Bless you. The culture in DC is terrible for the kids, and terrible for the nation.
Anonymous
Anonymous wrote:
Anonymous wrote:Wow. I was directed here by the article I read today on The Atlantic. Hard to believe that you don't recognize how entitled and yet desperate so many of you sound. Do you realize that it's not always about the thousands of dollars that you spent on prep schools? Not to mention the pressure that you place upon your children and the school teachers and the counselors who help to navigate their college applications? I can't believe that you would put this kind of pressure upon your children. Think about the demands that you place upon your kids that likely make them feel like failures or fear failure at such an early and impressionable age. So what if they don't get into Harvard? We live in a small town in the North Puget Sound, Pacific Northwest. Farming country. My children grew up like real kids. They roamed farmland and played and ran quads and swam in lakes and rivers and fished and went crabbing and clamming and hiked and explored the great outdoors.

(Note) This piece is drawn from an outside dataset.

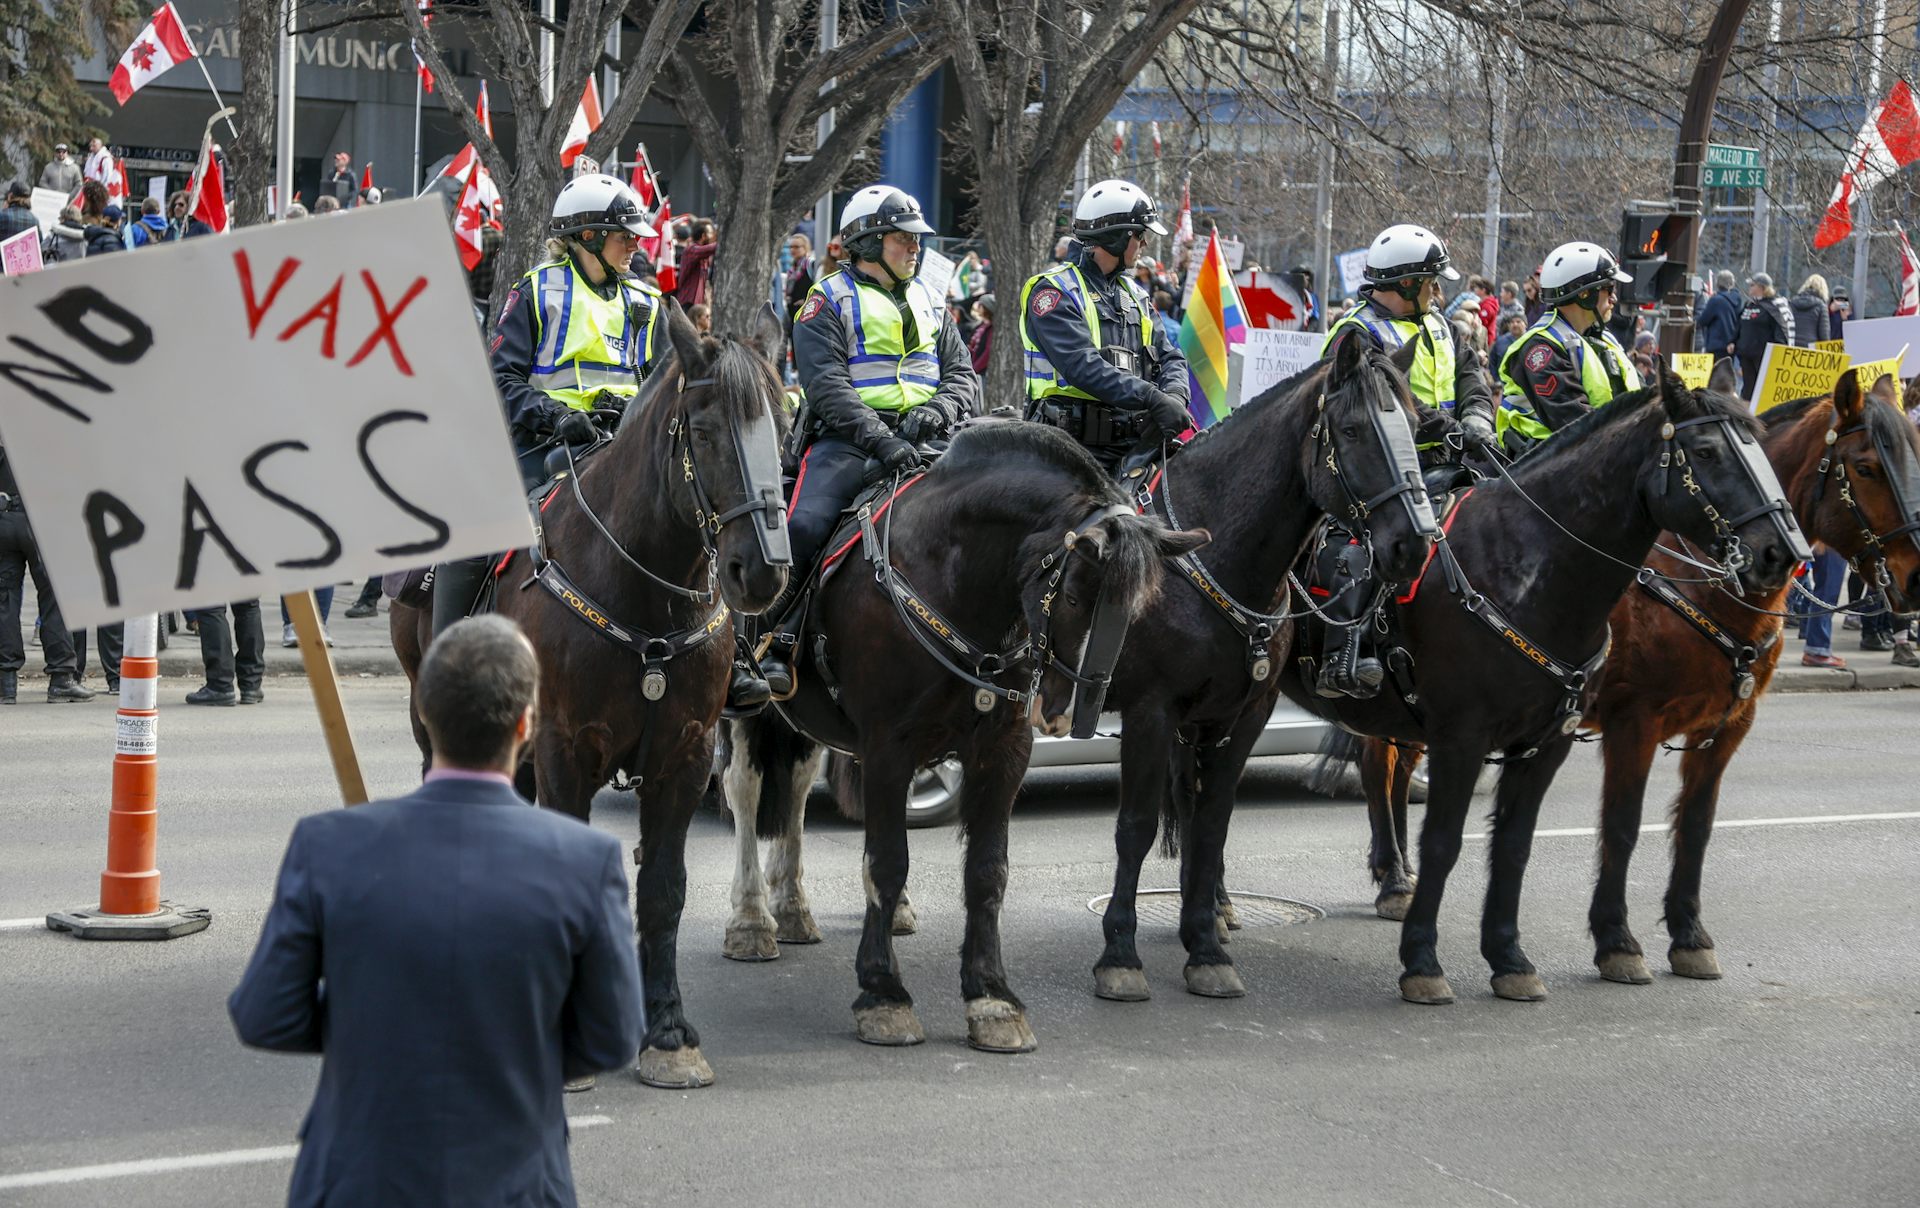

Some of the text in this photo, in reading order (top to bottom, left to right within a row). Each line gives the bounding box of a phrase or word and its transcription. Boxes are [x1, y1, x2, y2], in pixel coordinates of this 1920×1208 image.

They attended public schools. They all did well. Our youngest took a year and a half off from school after graduation. He didn't know what he wanted to BE. After that break, he attended a community college and graduated in the top 1% of the college. Phi Theta Kappa. He received offers from several Ivy League schools, without even having to put in an application. He was almost 22 when he graduated from a "mere" community college and was then accepted into a prestigious Engineering University in Colorado. Google the best Engineering School that you never heard of. Yes, it's that good. They don't have to advertise. He was one of 14 transfer students from WA State accepted into the Colorado School of Mines that year. It's the Ivy League Engineering University of the West. Our three older children all graduated from great Universities and are all well employed and happy in their lives. What is the goal? The goal is to give our children the best experience, the happiest childhoods. To encourage them in their interests and their endeavors, and to let them know that we, their parents, have faith in them and support them in what means the MOST to them. It's not all about you. Quit trying to curate your children's childhoods and let them go free. Take a deep breath and just let your children BE.


Yeah, and the school and college culture in Seattle/Redmond/Medina/Bellevue is so chill.

Bless you. The culture in DC is terrible for the kids, and terrible for the nation.
Anonymous
Yeah, and the school and college culture in Seattle/Redmond/Medina/Bellevue is so chill.